=== Working data ===

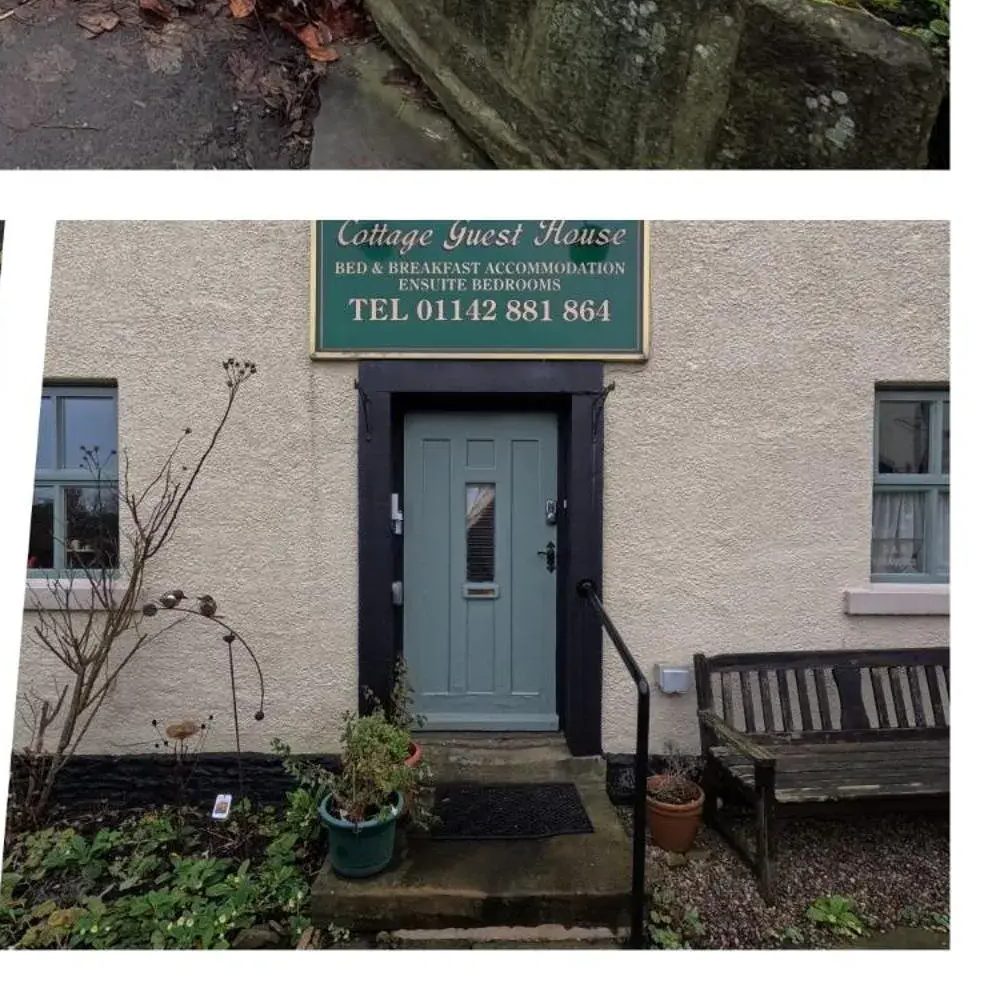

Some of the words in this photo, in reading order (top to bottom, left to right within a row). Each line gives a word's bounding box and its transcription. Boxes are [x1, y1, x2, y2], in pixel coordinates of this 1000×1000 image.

[337, 220, 433, 255] Cottage
[444, 220, 524, 250] Guest
[534, 220, 627, 247] House
[335, 262, 367, 274] BED
[371, 262, 383, 274] &
[388, 261, 480, 275] BREAKFAST
[484, 261, 625, 275] ACCOMMODATION
[399, 278, 467, 292] ENSUITE
[472, 278, 561, 292] BEDROOMS
[349, 298, 409, 322] TEL
[416, 298, 497, 322] 01142
[505, 298, 553, 322] 881
[563, 298, 611, 322] 864
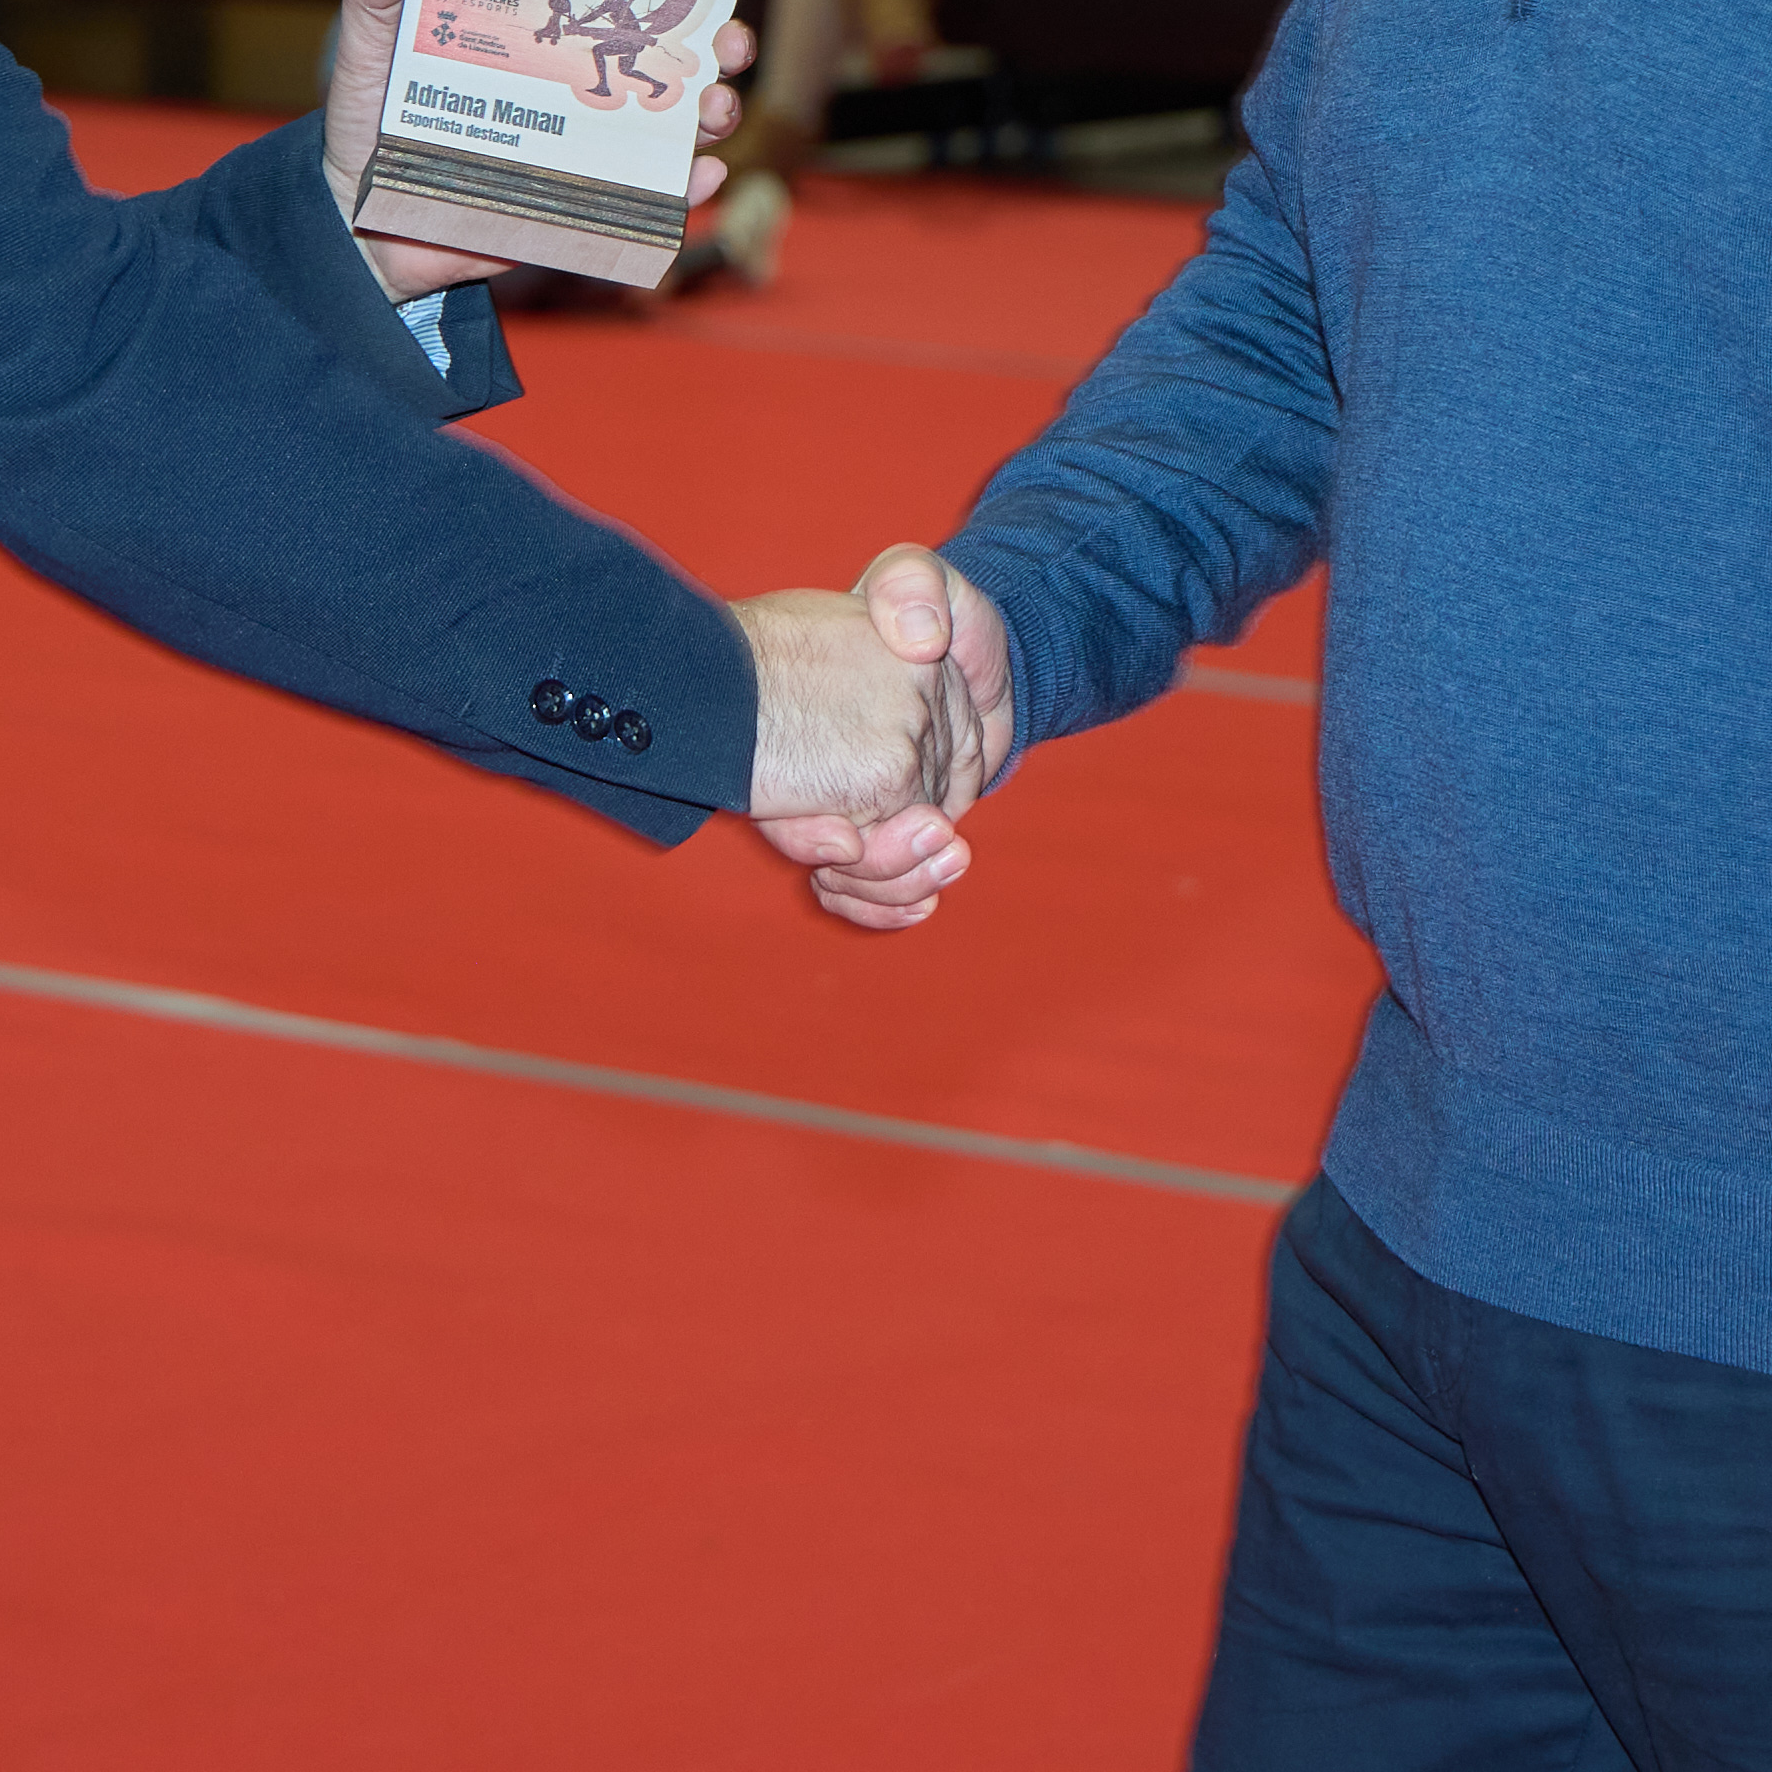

===

Task brief:
The material above should be printed again exactly, with each picture left out.

Exercise answer:
Some of the words in this photo, in reading order (top to bottom, left to right within a row). Each line gives a word's bounding box and its transcription. Boxes are [x1, y1, x2, y2], in pixel coordinates of this 1000×1000 image.

[337, 220, 433, 255] Cottage
[444, 220, 524, 250] Guest
[534, 220, 627, 247] House
[335, 262, 367, 274] BED
[371, 262, 383, 274] &
[388, 261, 480, 275] BREAKFAST
[484, 261, 625, 275] ACCOMMODATION
[399, 278, 467, 292] ENSUITE
[472, 278, 561, 292] BEDROOMS
[349, 298, 409, 322] TEL
[416, 298, 497, 322] 01142
[505, 298, 553, 322] 881
[563, 298, 611, 322] 864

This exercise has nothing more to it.